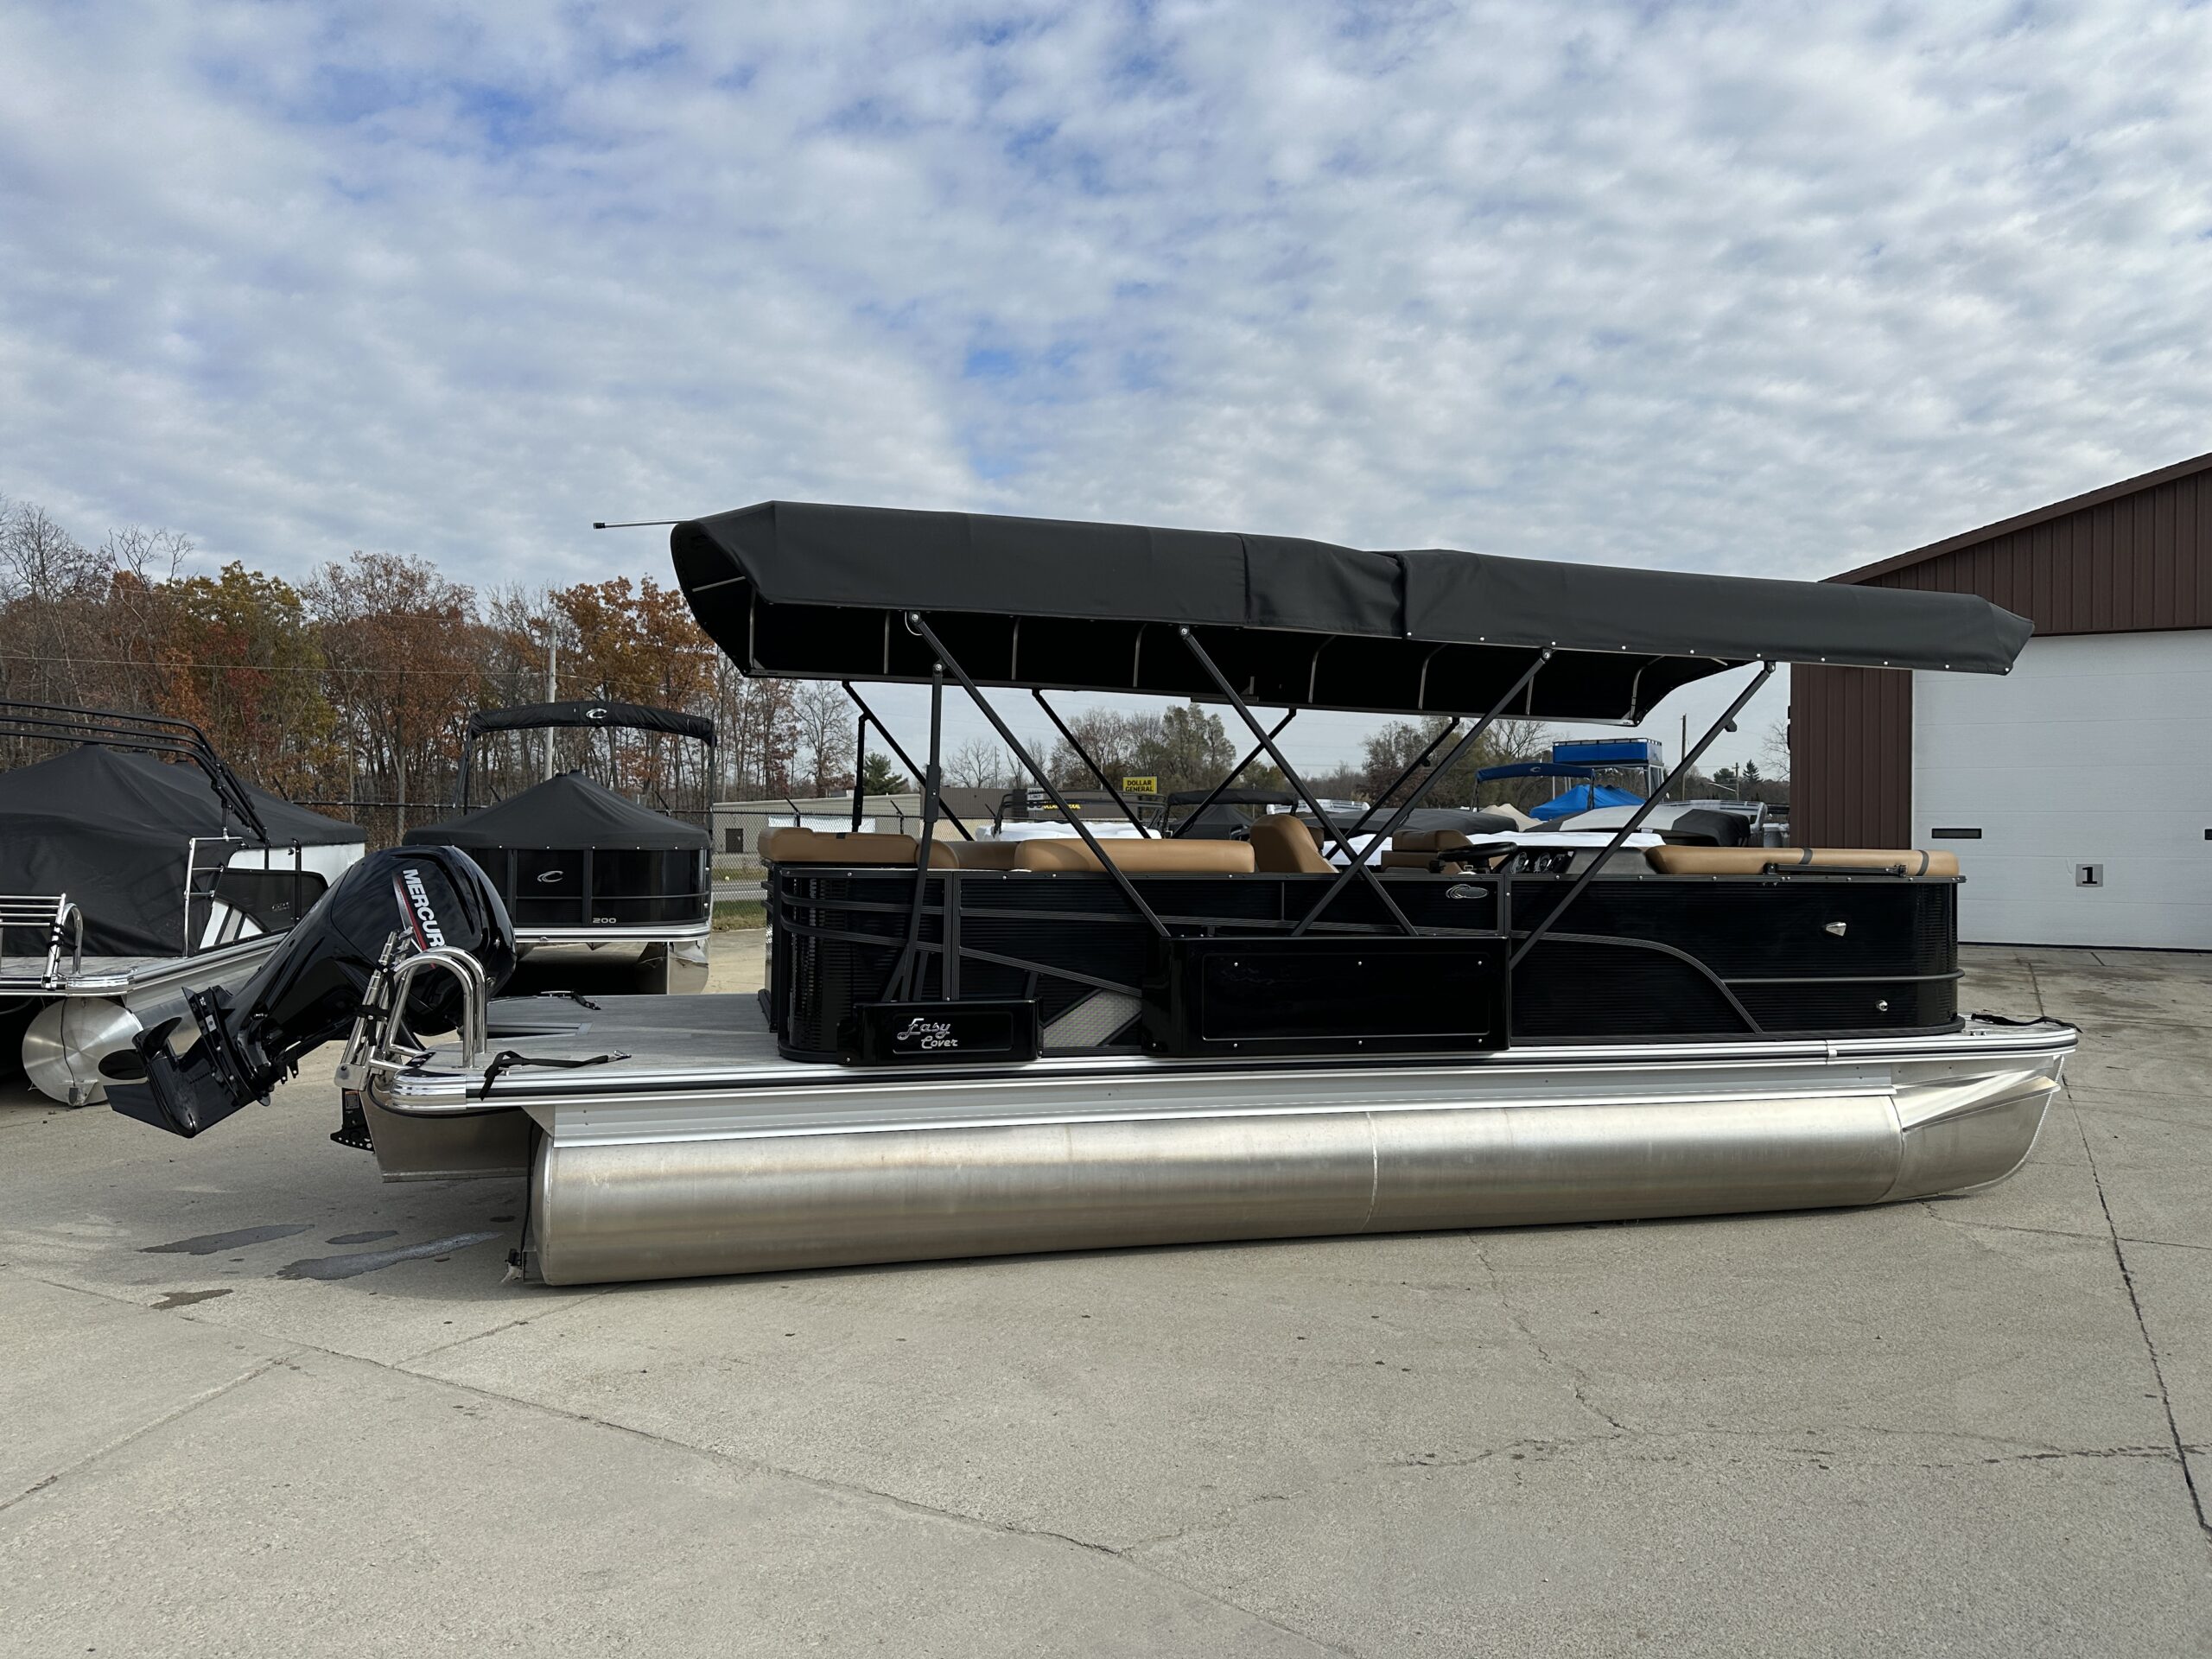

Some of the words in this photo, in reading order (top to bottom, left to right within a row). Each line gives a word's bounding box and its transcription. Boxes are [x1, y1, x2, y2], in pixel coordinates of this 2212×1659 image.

[2082, 866, 2098, 885] 1
[403, 868, 446, 947] MERCUR
[897, 1018, 951, 1040] Easy
[921, 1035, 958, 1050] Cover
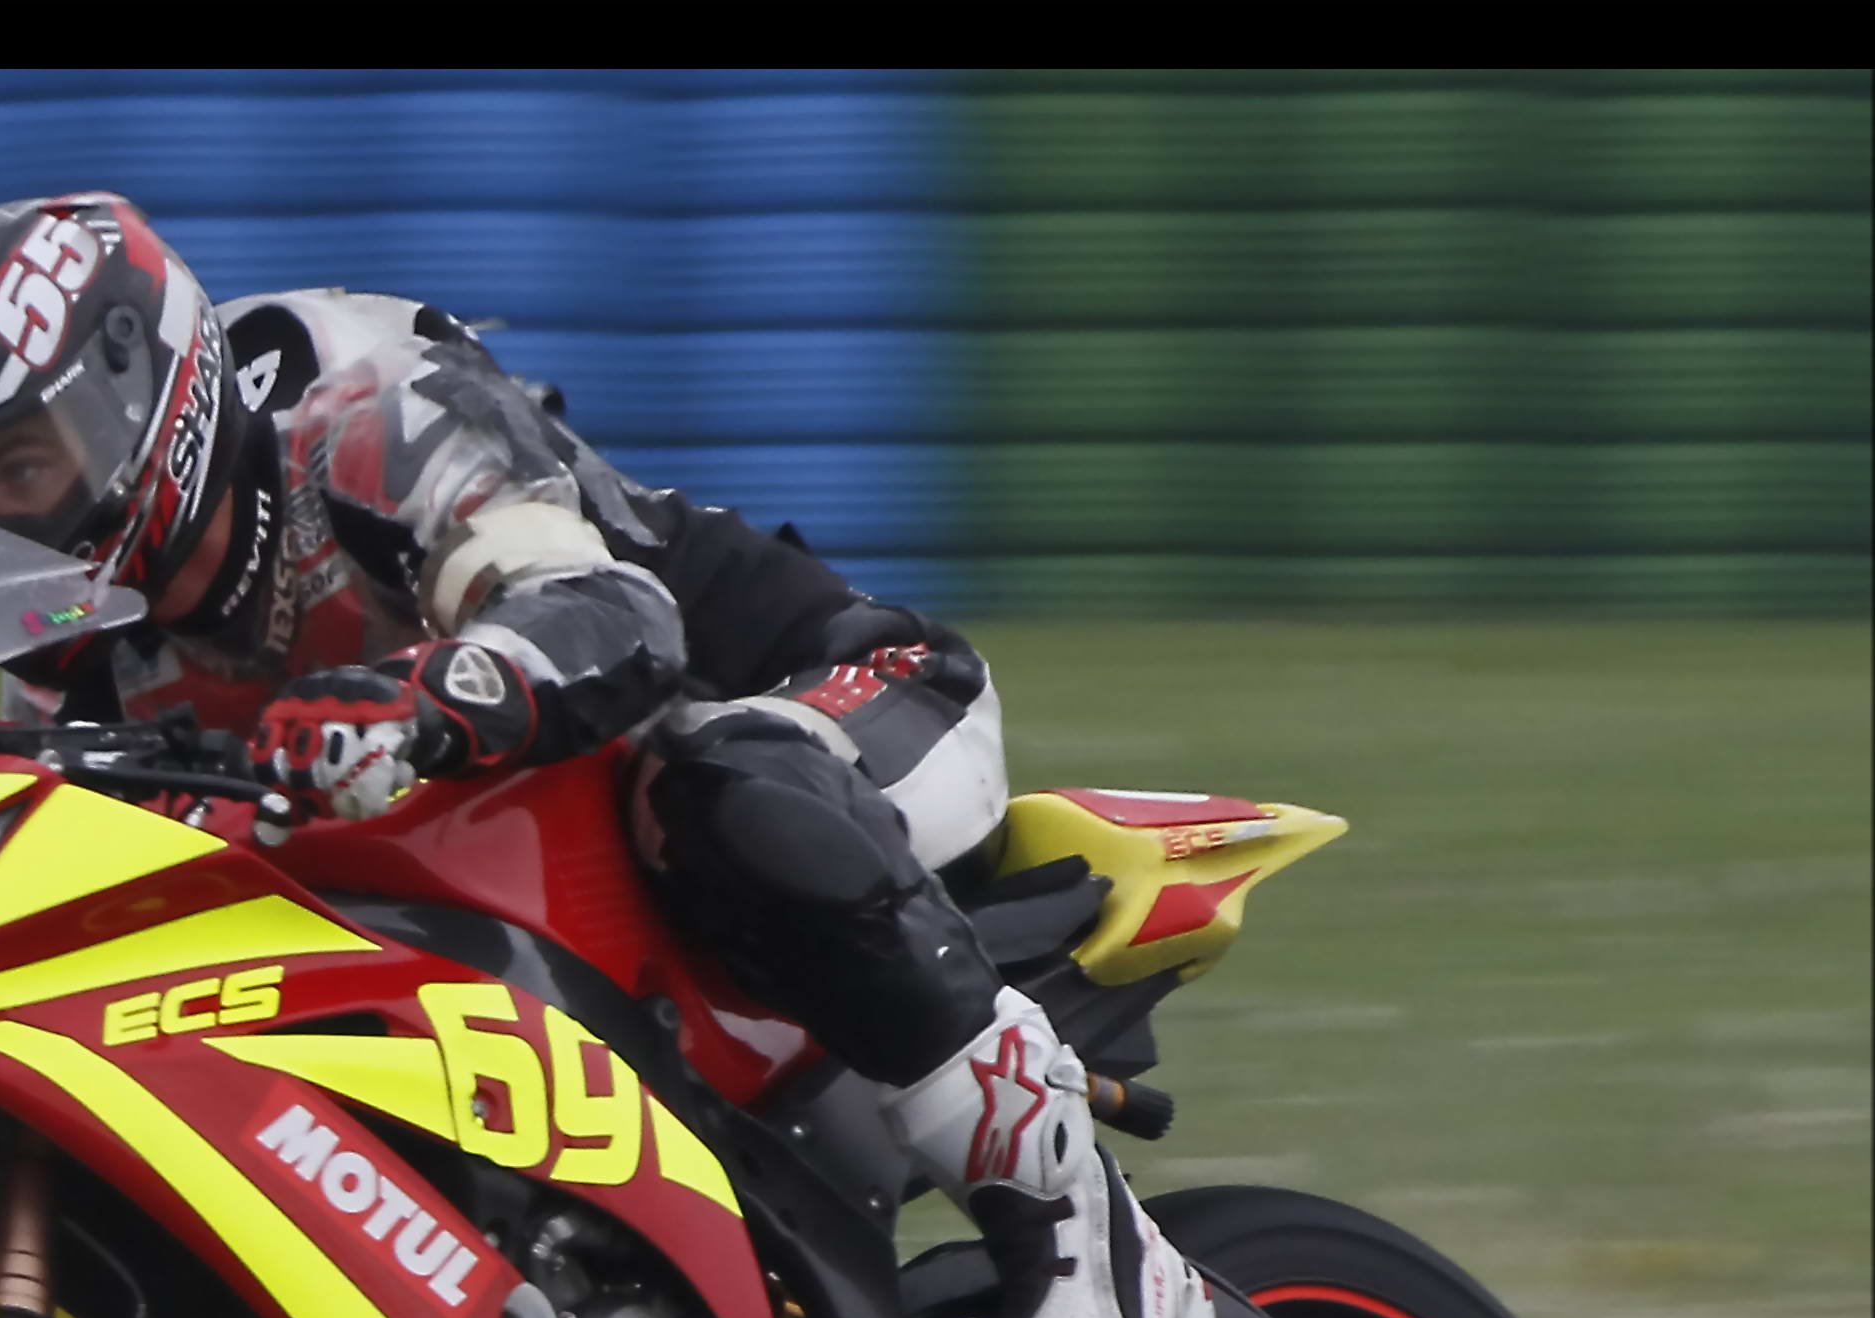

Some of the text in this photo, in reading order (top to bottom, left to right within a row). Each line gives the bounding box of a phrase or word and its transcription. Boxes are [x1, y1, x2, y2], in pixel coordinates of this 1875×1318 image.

[102, 964, 285, 1047] ECS
[417, 982, 643, 1186] 69
[256, 1104, 481, 1308] MOTUL
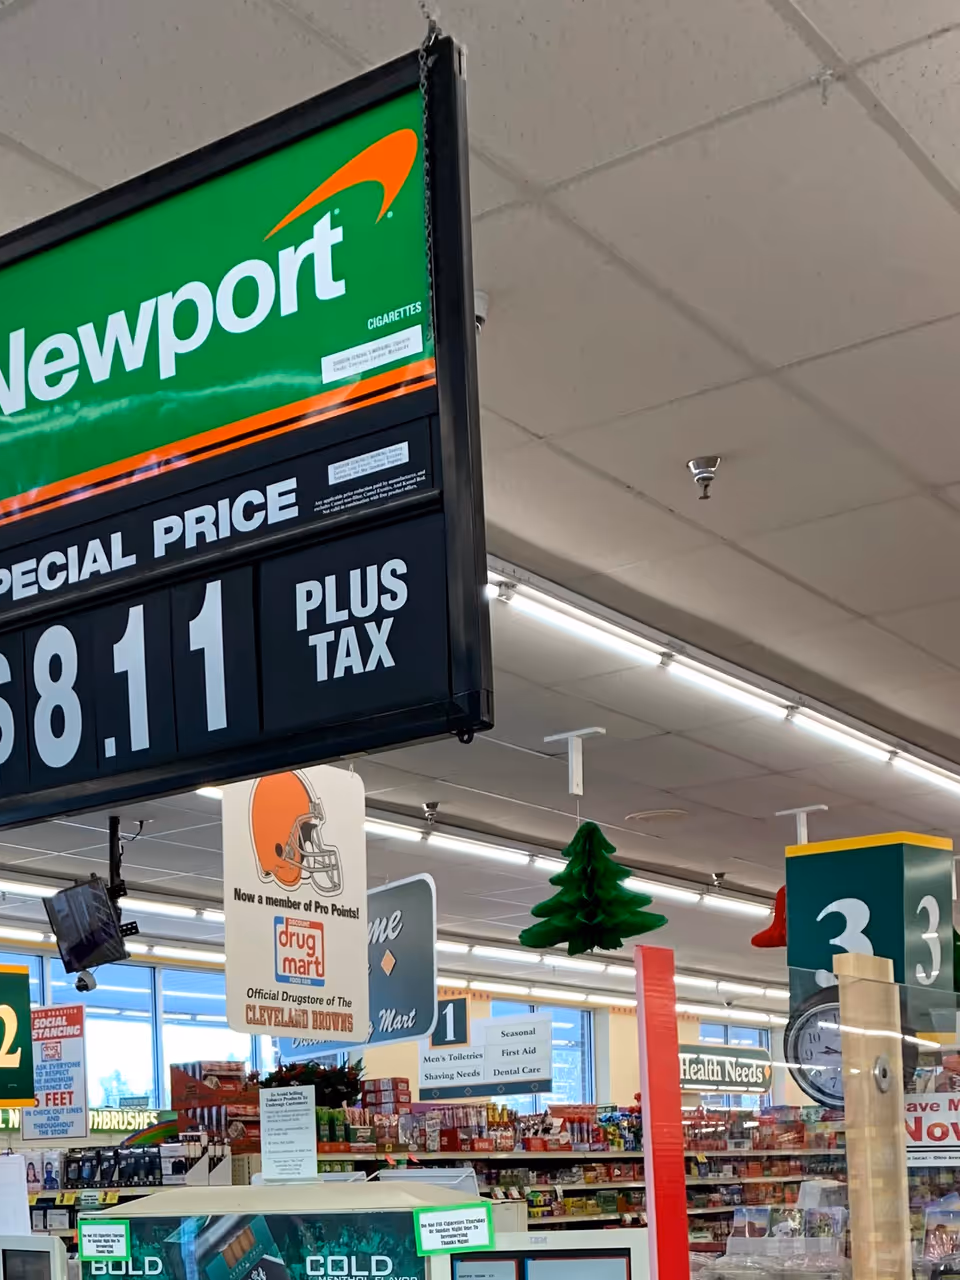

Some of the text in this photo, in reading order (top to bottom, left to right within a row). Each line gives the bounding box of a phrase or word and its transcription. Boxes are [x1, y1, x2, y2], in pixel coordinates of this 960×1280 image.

▶ [Task]
Could you copy the listing exactly, leaving out any pictures?

▶ [Written solution]
Some of the words in this photo, in reading order (top to bottom, left to right within a row). Each line gives a word's bounding box and its transcription. Boxes are [x1, y1, x2, y2], in pixel coordinates of this 2212×1659 image.

[2082, 866, 2098, 885] 1
[403, 868, 446, 947] MERCUR
[897, 1018, 951, 1040] Easy
[921, 1035, 958, 1050] Cover

Some of the text in this photo, in reading order (top to bottom, left to right within a row). Each line gives the bounding box of a phrase or word and its transcription. Boxes are [x1, y1, x2, y2], in pixel coordinates of this 1875×1318 image.

[102, 964, 285, 1047] ECS
[417, 982, 643, 1186] 69
[256, 1104, 481, 1308] MOTUL

Some of the text in this photo, in reading order (top to bottom, left to right within a row). Each line gives the bounding box of a phrase or word and its transcription. Boxes are [x1, y1, x2, y2], in pixel coordinates of this 960×1280 image.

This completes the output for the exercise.